*** Opening of Supplied records ***

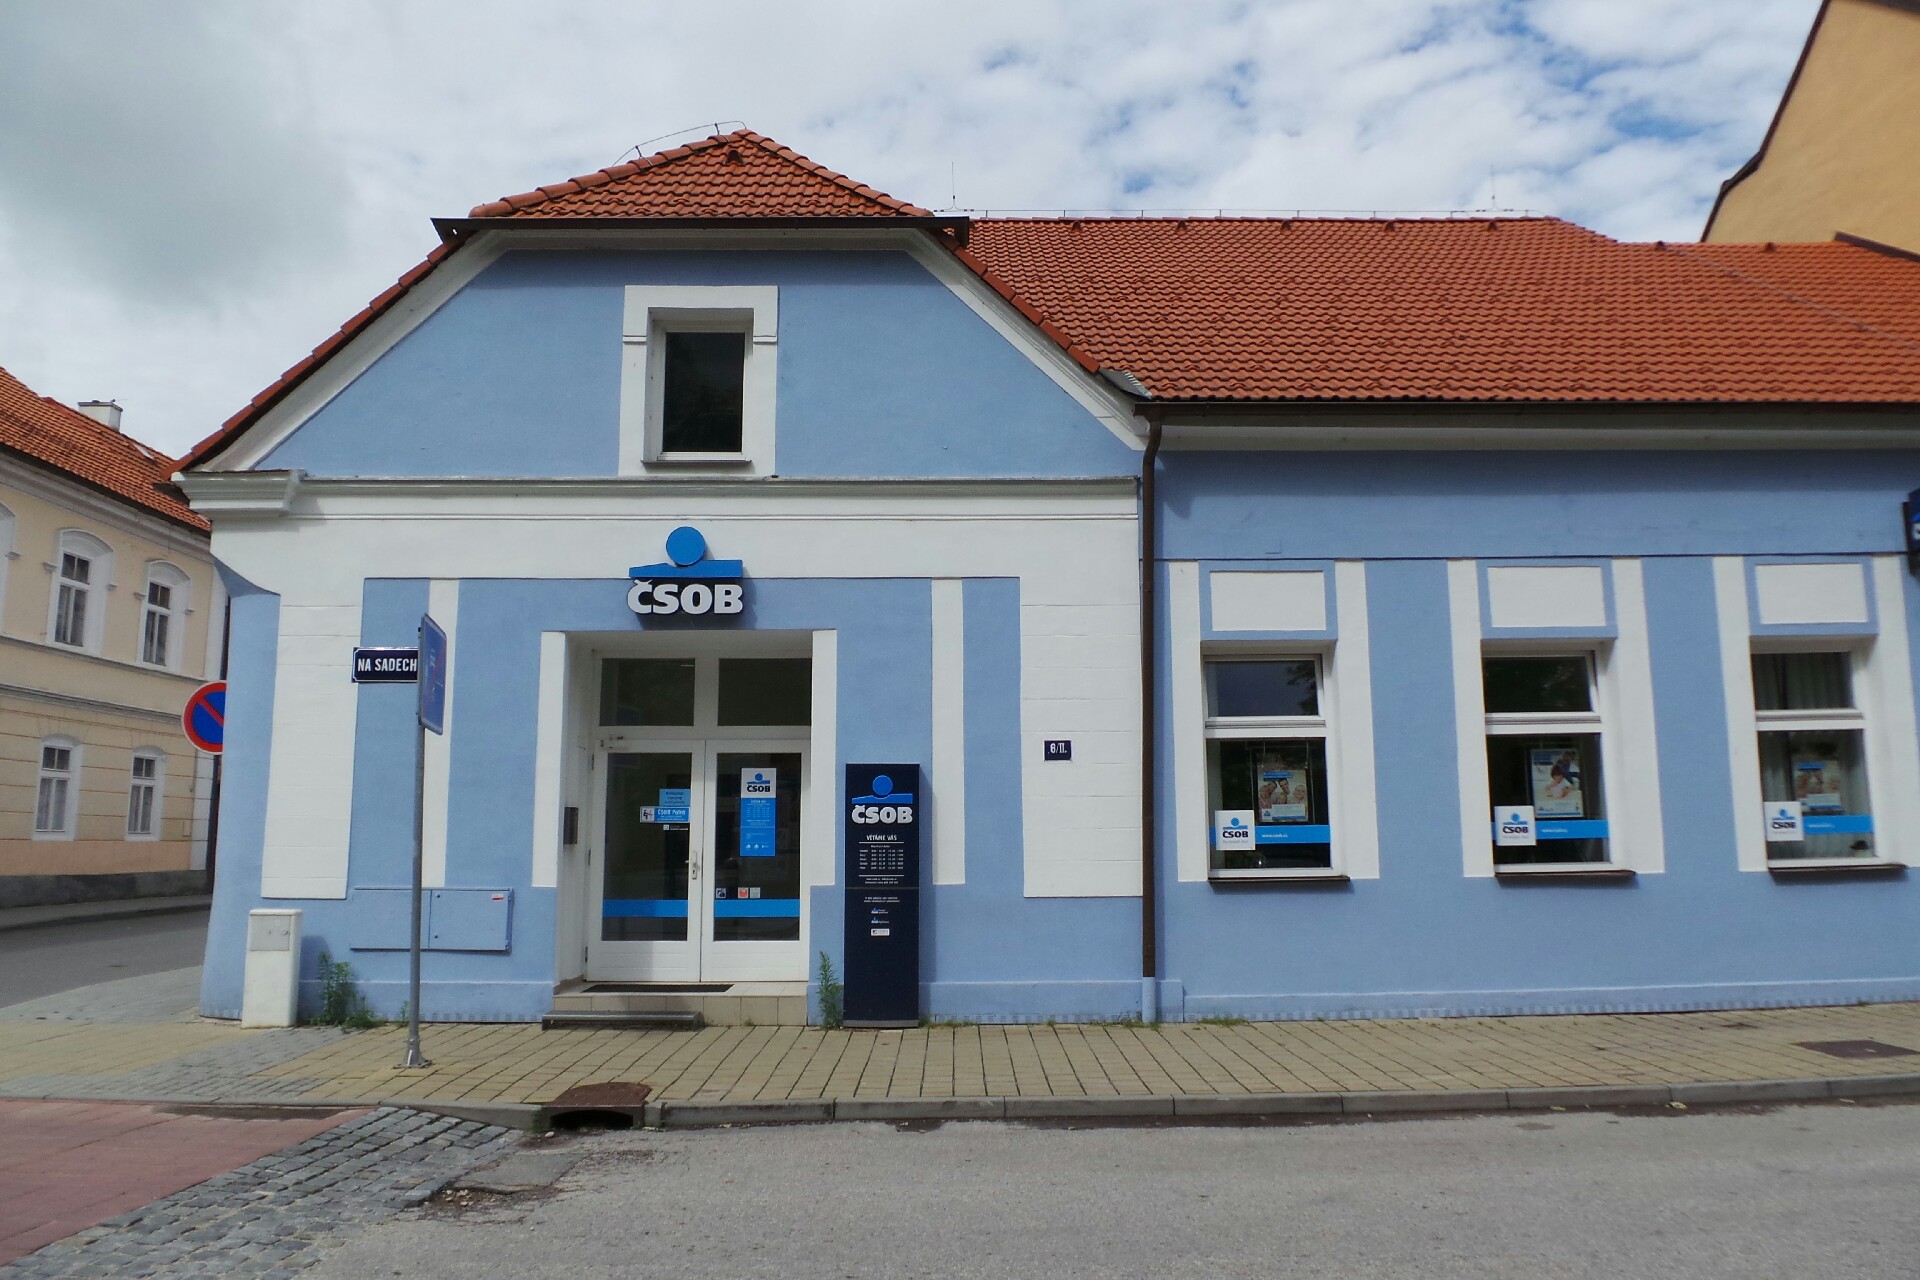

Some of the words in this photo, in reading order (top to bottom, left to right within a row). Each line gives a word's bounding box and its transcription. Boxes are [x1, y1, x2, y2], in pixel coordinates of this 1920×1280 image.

[627, 579, 743, 614] ČSOB
[357, 658, 371, 672] NA
[374, 658, 418, 672] SADECH
[746, 785, 771, 793] ČSOB
[851, 804, 913, 824] ČSOB
[1222, 829, 1249, 839] ČSOB
[1502, 825, 1529, 834] ČSOB
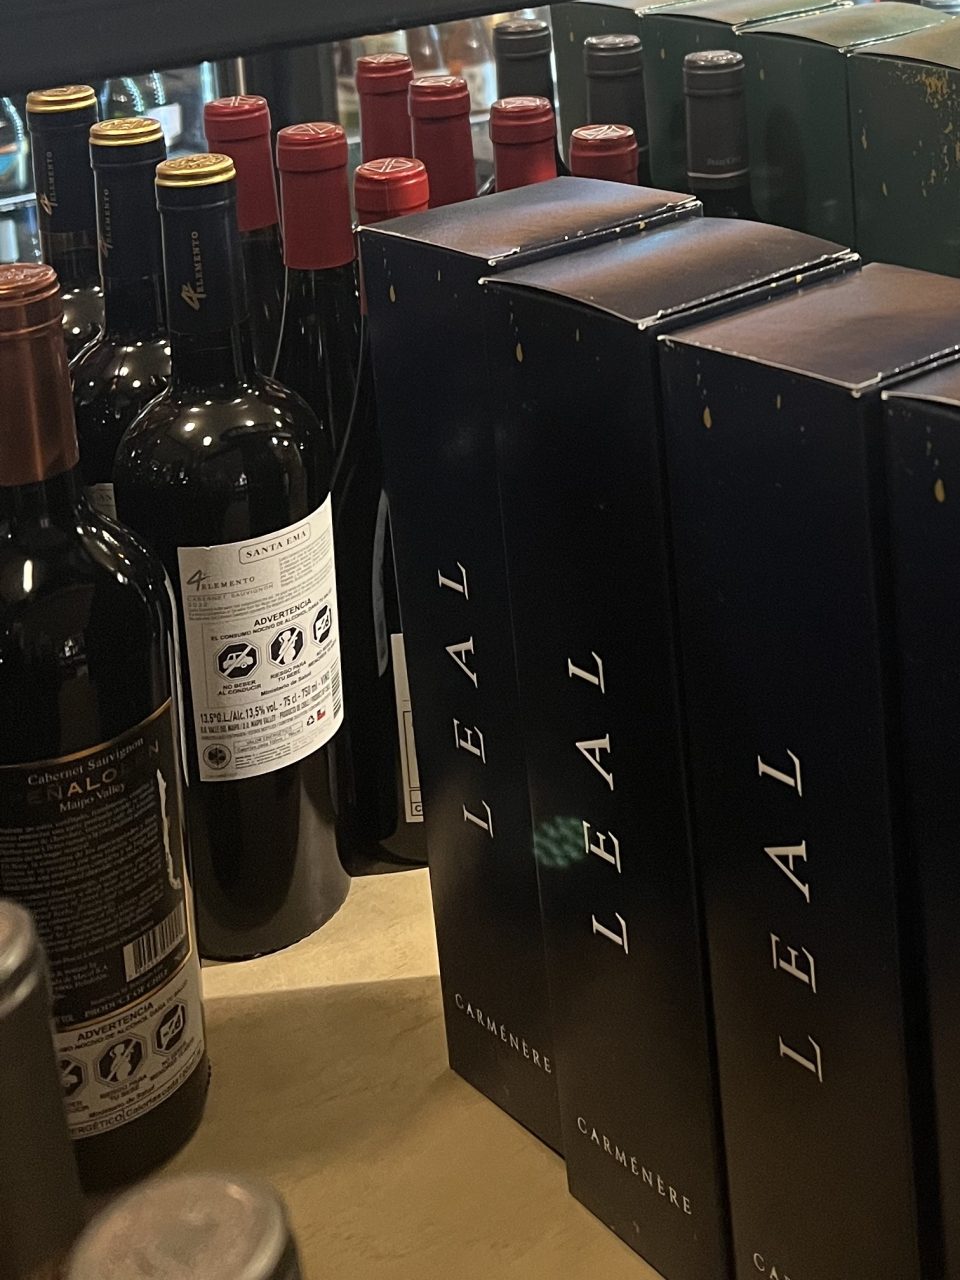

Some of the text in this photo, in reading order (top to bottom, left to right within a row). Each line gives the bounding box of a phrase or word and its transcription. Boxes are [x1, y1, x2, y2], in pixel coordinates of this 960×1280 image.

[191, 231, 204, 293] ELEMENTO
[246, 531, 306, 558] SANTA EMA
[201, 576, 255, 590] ELEMENTO
[231, 584, 274, 599] SAUVIGNON
[221, 631, 252, 640] CONSUMO
[253, 624, 275, 633] NOCIVO
[284, 610, 308, 623] ALCOHOL
[254, 598, 311, 627] ADVERTENCIA
[234, 680, 256, 688] BEBER
[270, 667, 292, 679] RIESGO
[228, 684, 261, 695] CONDUCIR
[261, 683, 290, 696] Ministerio
[438, 562, 493, 839] LEAL
[28, 737, 144, 786] Cabernet Sauvignon
[59, 783, 126, 813] Maipo Valley
[568, 651, 629, 955] LEAL
[757, 749, 823, 1083] LEAL
[77, 1002, 154, 1042] ADVERTENCIA

*** Close of Supplied records ***

Task objective:
Go through the material above and print all of it exactly, except the pictures.

Response area:
Some of the words in this photo, in reading order (top to bottom, left to right within a row). Each line gives a word's bounding box and its transcription. Boxes are [x1, y1, x2, y2], in pixel coordinates of this 1920×1280 image.

[627, 579, 743, 614] ČSOB
[357, 658, 371, 672] NA
[374, 658, 418, 672] SADECH
[746, 785, 771, 793] ČSOB
[851, 804, 913, 824] ČSOB
[1222, 829, 1249, 839] ČSOB
[1502, 825, 1529, 834] ČSOB

Some of the text in this photo, in reading order (top to bottom, left to right within a row). Each line gives the bounding box of a phrase or word and its transcription. Boxes are [x1, y1, x2, y2], in pixel coordinates of this 960×1280 image.

[191, 231, 204, 293] ELEMENTO
[246, 531, 306, 558] SANTA EMA
[201, 576, 255, 590] ELEMENTO
[231, 584, 274, 599] SAUVIGNON
[221, 631, 252, 640] CONSUMO
[253, 624, 275, 633] NOCIVO
[284, 610, 308, 623] ALCOHOL
[254, 598, 311, 627] ADVERTENCIA
[234, 680, 256, 688] BEBER
[270, 667, 292, 679] RIESGO
[228, 684, 261, 695] CONDUCIR
[261, 683, 290, 696] Ministerio
[438, 562, 493, 839] LEAL
[28, 737, 144, 786] Cabernet Sauvignon
[59, 783, 126, 813] Maipo Valley
[568, 651, 629, 955] LEAL
[757, 749, 823, 1083] LEAL
[77, 1002, 154, 1042] ADVERTENCIA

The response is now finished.